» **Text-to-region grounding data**
------------------------------------------------------------

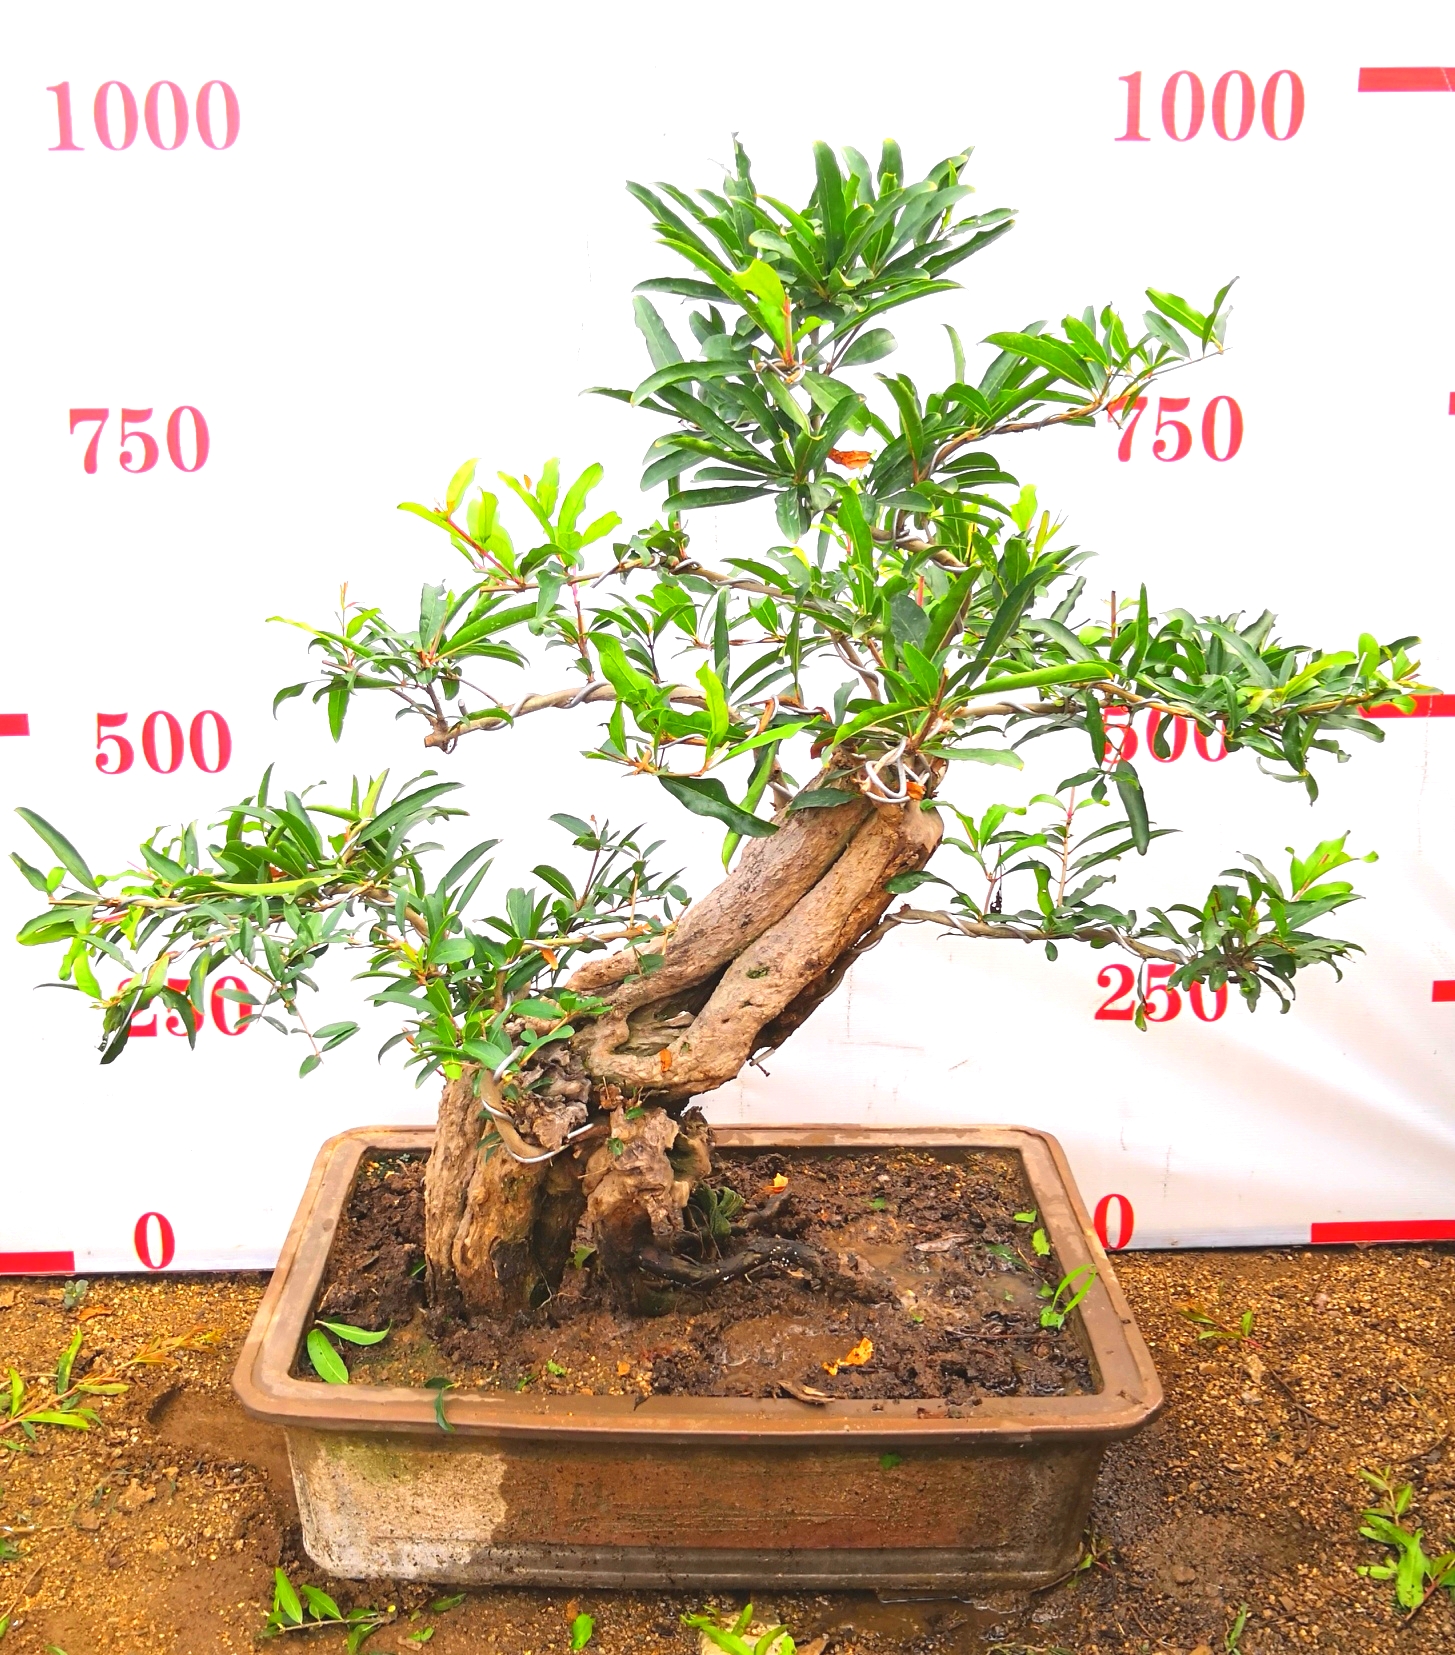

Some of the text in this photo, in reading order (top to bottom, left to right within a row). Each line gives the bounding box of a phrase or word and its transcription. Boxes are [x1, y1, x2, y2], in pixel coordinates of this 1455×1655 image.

[46, 80, 241, 151] 1000
[1115, 70, 1306, 142] 1000
[69, 405, 211, 474] 750
[1107, 395, 1244, 462] 750
[96, 710, 232, 774] 500
[1094, 963, 1229, 1022] 250
[134, 1212, 175, 1272] 0
[1093, 1193, 1135, 1250] 0
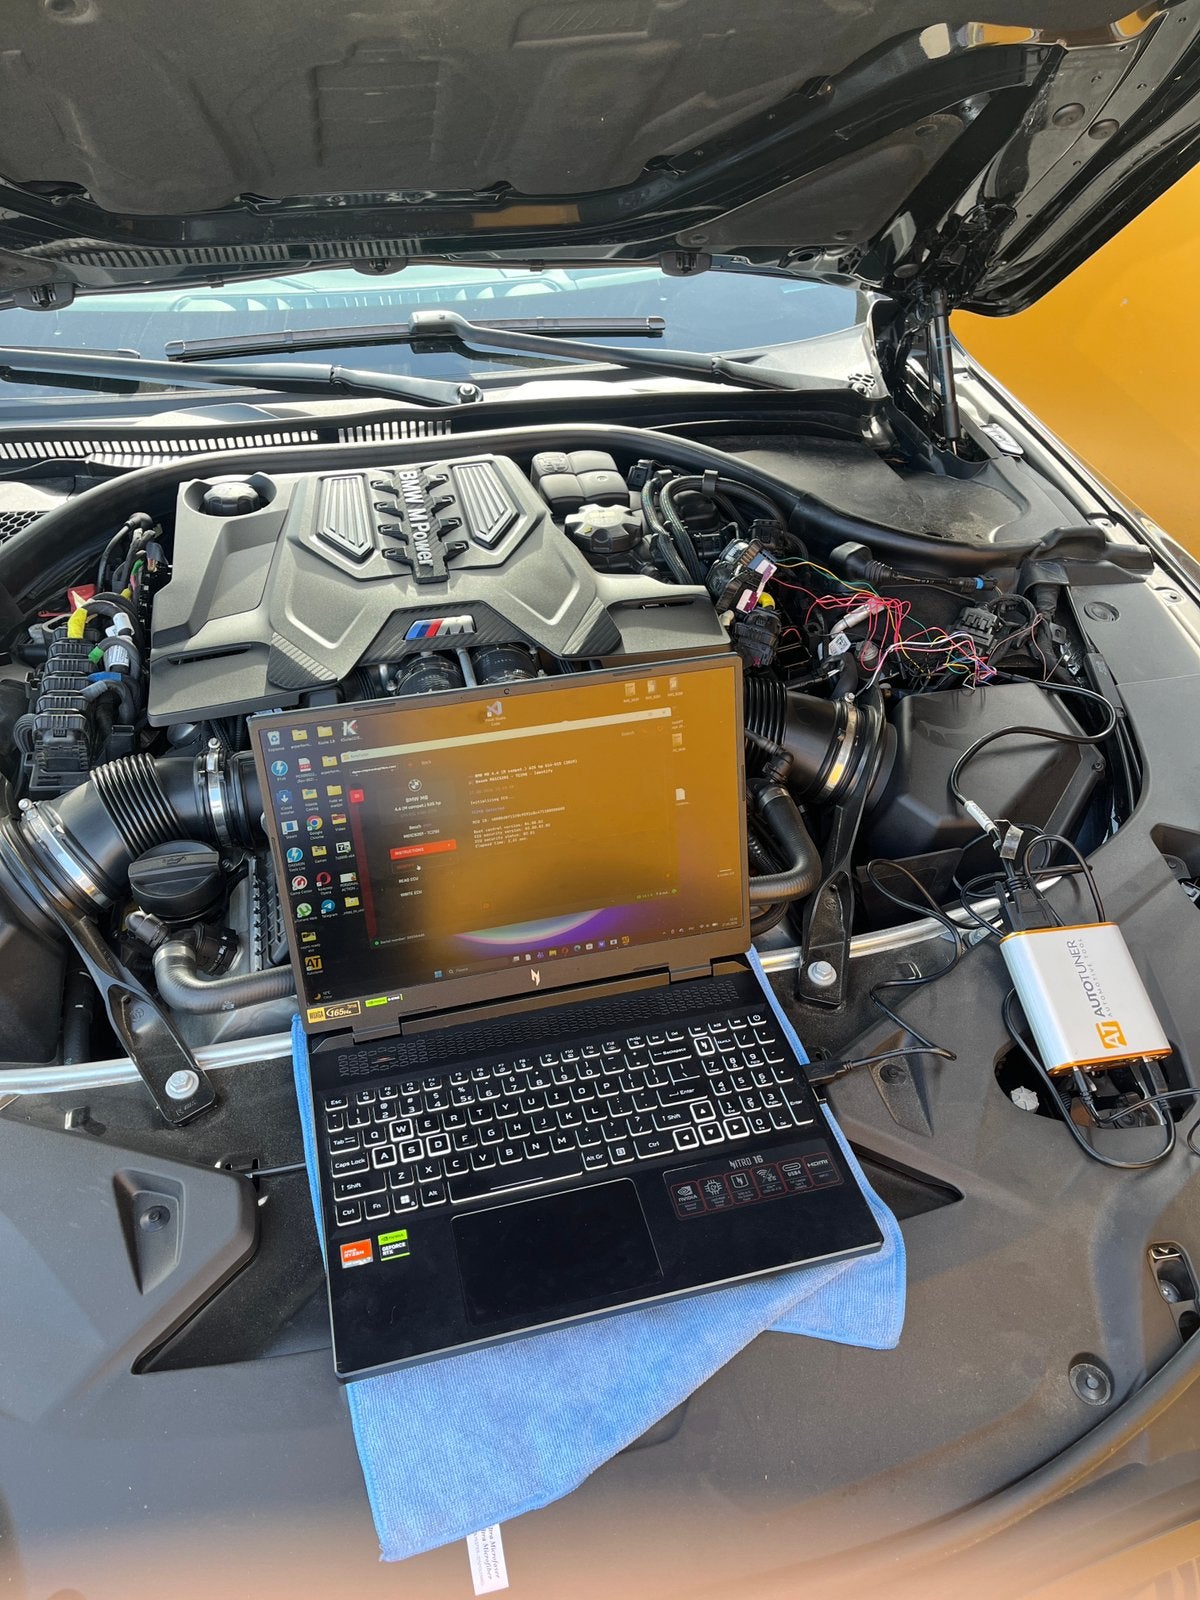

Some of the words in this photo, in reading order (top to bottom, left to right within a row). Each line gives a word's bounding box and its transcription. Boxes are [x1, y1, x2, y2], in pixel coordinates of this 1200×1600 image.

[400, 470, 424, 504] BMW
[1066, 939, 1106, 1017] AUTOTUNER
[1087, 963, 1113, 1017] AUTOMOTIVE
[1098, 1021, 1126, 1048] AT
[450, 1114, 458, 1122] R
[667, 1113, 682, 1121] Shift
[396, 1125, 407, 1133] W
[513, 1123, 521, 1131] H
[370, 1131, 378, 1139] Q
[462, 1134, 468, 1142] F
[380, 1152, 389, 1160] A
[335, 1161, 350, 1169] Caps
[351, 1158, 366, 1166] Lock
[729, 1157, 752, 1169] NITRO
[753, 1155, 764, 1165] 16
[807, 1159, 828, 1168] HDMI
[342, 1208, 355, 1216] Ctrl
[382, 1241, 406, 1251] GEFORCE

------------------------------------------------------------

» **Work item**
What the answer needs is every record above, exactly as written, and no pictures.

» **Result of the task**
Some of the text in this photo, in reading order (top to bottom, left to right within a row). Each line gives the bounding box of a phrase or word and its transcription. Boxes are [x1, y1, x2, y2], in pixel coordinates of this 1455×1655 image.

[46, 80, 241, 151] 1000
[1115, 70, 1306, 142] 1000
[69, 405, 211, 474] 750
[1107, 395, 1244, 462] 750
[96, 710, 232, 774] 500
[1094, 963, 1229, 1022] 250
[134, 1212, 175, 1272] 0
[1093, 1193, 1135, 1250] 0

Some of the words in this photo, in reading order (top to bottom, left to right within a row). Each line gives a word's bounding box and its transcription. Boxes are [x1, y1, x2, y2], in pixel coordinates of this 1200×1600 image.

[400, 470, 424, 504] BMW
[1066, 939, 1106, 1017] AUTOTUNER
[1087, 963, 1113, 1017] AUTOMOTIVE
[1098, 1021, 1126, 1048] AT
[450, 1114, 458, 1122] R
[667, 1113, 682, 1121] Shift
[396, 1125, 407, 1133] W
[513, 1123, 521, 1131] H
[370, 1131, 378, 1139] Q
[462, 1134, 468, 1142] F
[380, 1152, 389, 1160] A
[335, 1161, 350, 1169] Caps
[351, 1158, 366, 1166] Lock
[729, 1157, 752, 1169] NITRO
[753, 1155, 764, 1165] 16
[807, 1159, 828, 1168] HDMI
[342, 1208, 355, 1216] Ctrl
[382, 1241, 406, 1251] GEFORCE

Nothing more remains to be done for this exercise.